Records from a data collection
########

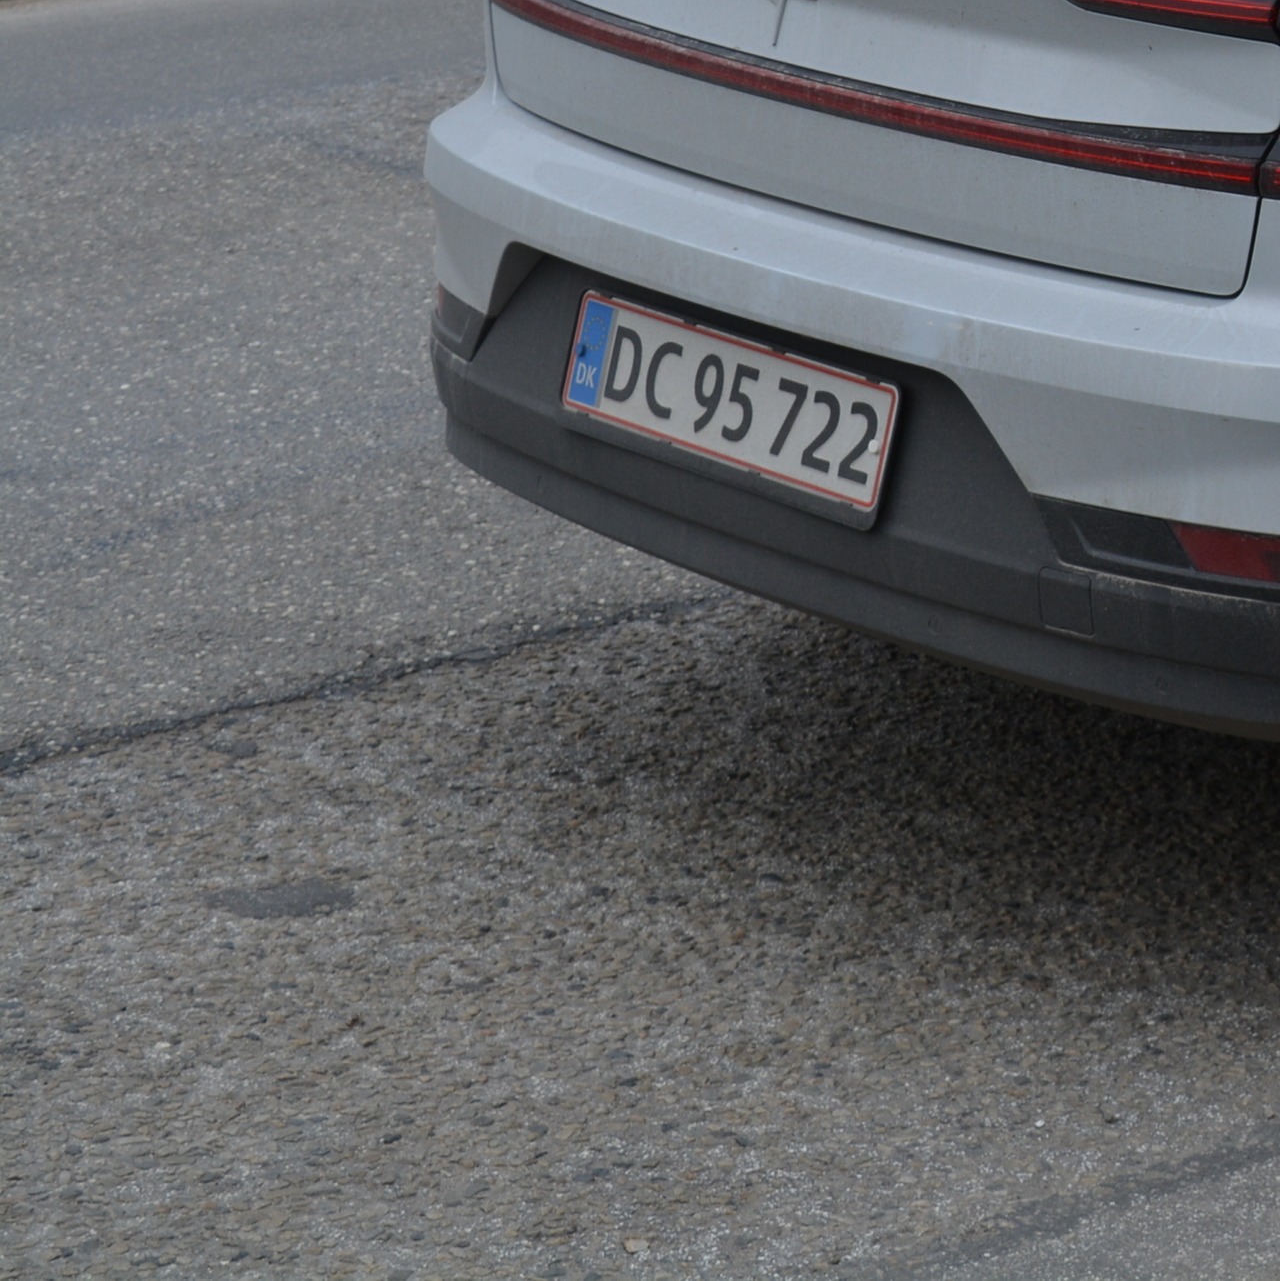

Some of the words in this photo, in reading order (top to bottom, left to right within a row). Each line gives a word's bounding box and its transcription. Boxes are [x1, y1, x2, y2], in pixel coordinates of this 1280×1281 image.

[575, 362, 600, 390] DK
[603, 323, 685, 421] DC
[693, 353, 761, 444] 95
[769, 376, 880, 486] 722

########

Work to complete:
An exact copy of the entries above is required, with the pictures left out.

Solution to this problem:
Some of the words in this photo, in reading order (top to bottom, left to right within a row). Each line gives a word's bounding box and its transcription. Boxes are [x1, y1, x2, y2], in pixel coordinates of this 1280×1281 image.

[575, 362, 600, 390] DK
[603, 323, 685, 421] DC
[693, 353, 761, 444] 95
[769, 376, 880, 486] 722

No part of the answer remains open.